She laughed. “Maybe we’re in the wrong job,” she said.

“Not the wrong job,” Wallander said, “but maybe we’re living at the wrong time.”

They said good night and drove home in their own cars. Wallander kept an eye on the rearview mirror, but could not see anybody following him. He was very tired, but at the same time inspired by the fact that a door had opened up into the current investigation. The coming days were going to be very strenuous.


On the morning of Saturday, November 6, Wallander phoned Björk at 7:00. His wife answered, and asked Wallander to try again a few minutes later because her husband was taking a bath. Wallander used the time to phone Åkeson, who he knew was an early riser and generally up and about by 5:00. Åkeson picked up the phone immediately. Wallander briefly summarized what had happened, and why Harderberg had become relevant to the investigation in quite a new light. Åkeson listened without interruption. When Wallander had finished, he made just one comment.

“Are you convinced you can make this stick?”

Wallander replied without a moment’s hesitation: “Yes,” he said. “I think this can solve the problem for us.”

“In that case, of course, I have no objection to our concentrating on digging deeper. But make sure it’s all discreet. Say nothing to the media without consulting me first. What we need least of all is a Palme situation here in Ystad.”

Wallander could see what Åkeson meant. The unsolved assassination of the Swedish prime minister, a mystery now almost ten years old, had not only stunned the police but had also shocked nearly everyone in Sweden. Too many people, both inside and outside the police force, were aware that in all probability the murder had not been solved because at an early stage the investigation had been dominated and mishandled in a scandalous fashion by a district police chief who had put himself in charge despite being incompetent to run a criminal investigation. Every local force discussed over and over, sometimes angrily and sometimes contemptuously, how it had been possible for the murder, the murderer, and the motive to be swept under the rug with such nonchalance. One of the most catastrophic errors in that disastrous investigation had been the insistence of the officers in charge on pursuing certain leads without first establishing priorities. Wallander agreed with Åkeson: an investigation had to be more or less concluded before the police had the green light to put all their eggs in one basket.

“I’d like you to be there when we discuss the case this morning,” Wallander said. “We have to be absolutely clear about what we’re doing. I don’t want the investigation team to be split. That would prevent us from being able to react rapidly to any new development.”

“I’ll be there,” Åkeson said. “I was supposed to be playing golf today. Of course, given the weather, I’d rather not.”

“It’s probably pretty hot in Uganda,” Wallander said. “Or was it the Sudan?”

“I haven’t even raised the subject with my wife yet,” Åkeson said in a low voice.

After that call, Wallander drank another cup of coffee and then called Björk again. This time it was the man himself who answered. Wallander had decided not to say anything about what had happened the first time he visited Farnholm Castle. He would rather not do that on the phone; he needed to be face-to-face with Björk. He was brief and to the point.
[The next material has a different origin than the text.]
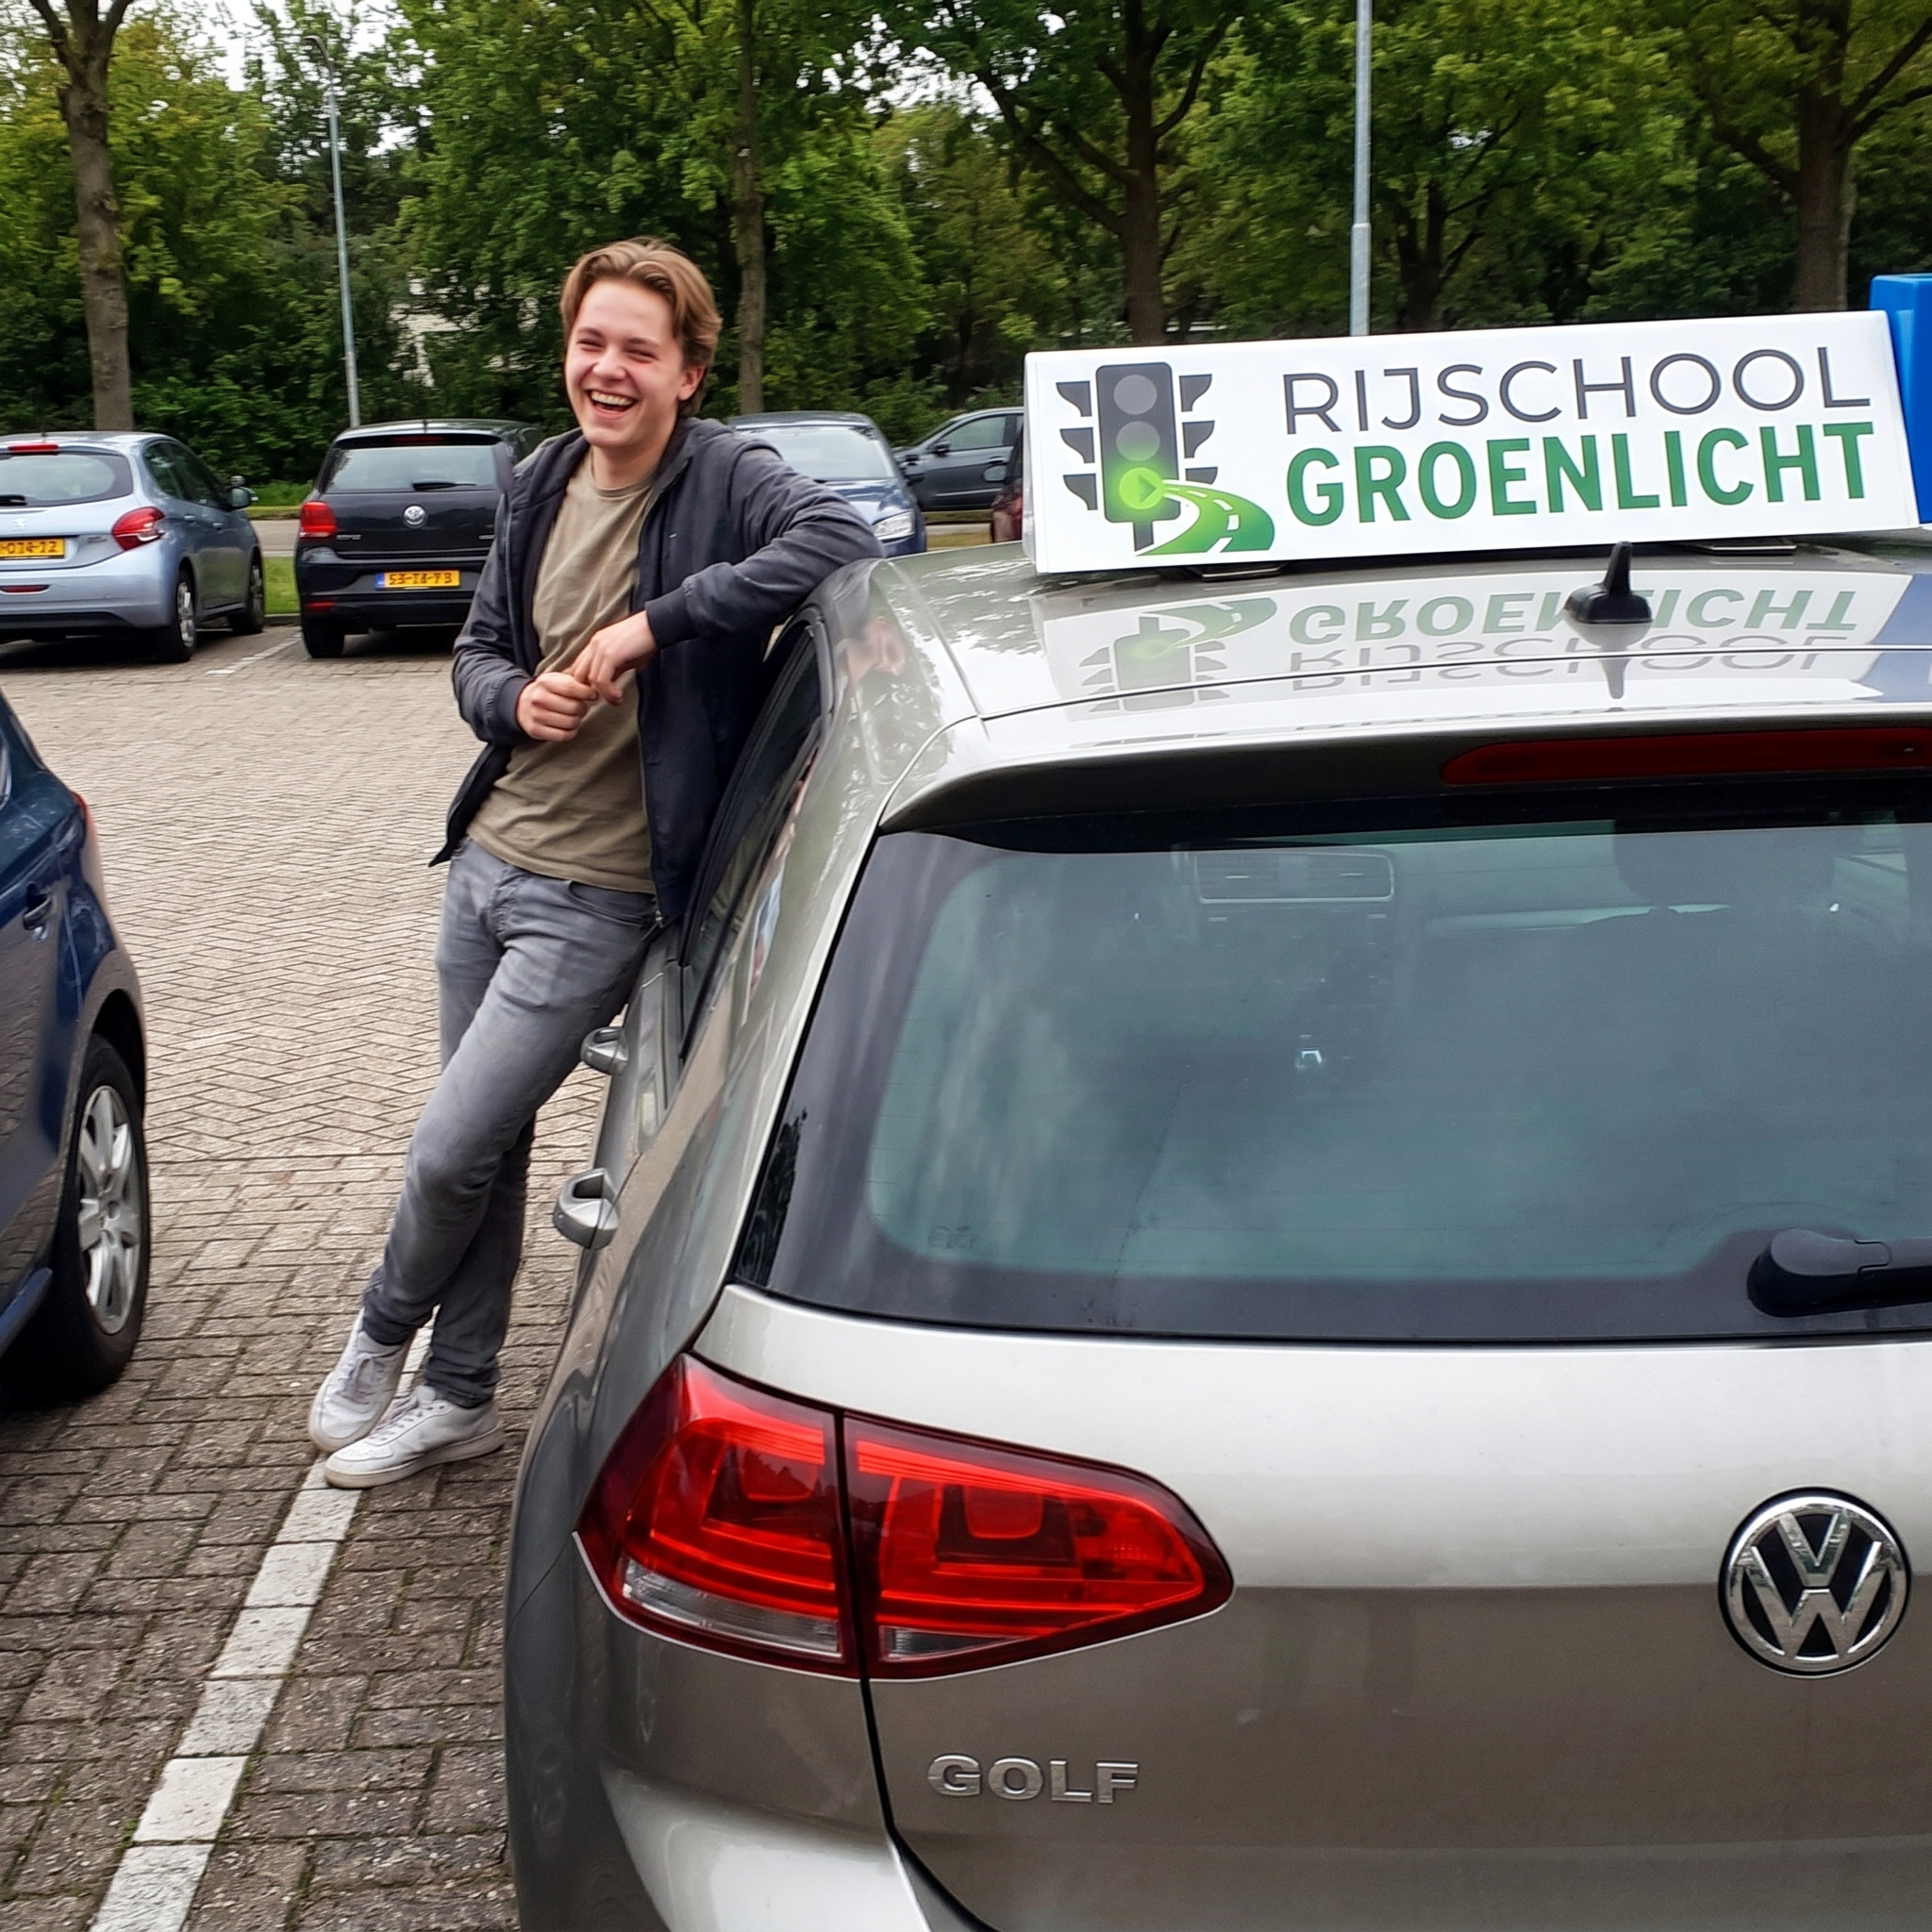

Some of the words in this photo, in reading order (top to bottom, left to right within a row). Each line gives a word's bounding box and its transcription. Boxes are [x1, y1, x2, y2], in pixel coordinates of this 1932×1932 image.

“We need to meet and discuss what’s happened,” Wallander said. “Something, that is, which is going to change the whole direction of the case.”

“What happened?” Björk said.

“I’d just as soon not discuss it over the phone,” Wallander said.

“You’re not suggesting our phones are being tapped, I hope?” Björk said. “We need to keep things in perspective, after all.”

“It’s not that,” Wallander said, although it struck him that he had never considered that possibility. It was too late to do anything about it now—he had already told Åkeson how things were going to develop from now on.

“I need to see you briefly before the investigation meeting starts,” he said.

“OK, half an hour from now,” Björk said. “But I don’t understand why you’re being so secretive.”

“I’m not being secretive,” Wallander said. “But it’s sometimes better to discuss crucial things face-to-face.”

“That sounds pretty dramatic to me,” Björk said. “I wonder if we shouldn’t contact Per.”

“I’ve done that already,” Wallander said. “I’ll be in your office in half an hour.”

Before meeting Björk, Wallander sat in his car outside the police station for a few minutes, gathering his thoughts. He considered canceling the whole thing; perhaps there were more important things to do; but then he acknowledged that he had to make it clear to Björk that Harderberg must be treated like any other Swedish citizen. Failure to reach that understanding would lead inevitably to a crisis of confidence that would end up with Wallander’s resignation. He thought how quickly things had moved. It was only just over a week since he had been pacing up and down the beach at Skagen, preparing to say good-bye forever to his life as a police officer. Now he was feeling that he had to defend his position and his integrity as a police officer. He must write about all this to Baiba as soon as he could.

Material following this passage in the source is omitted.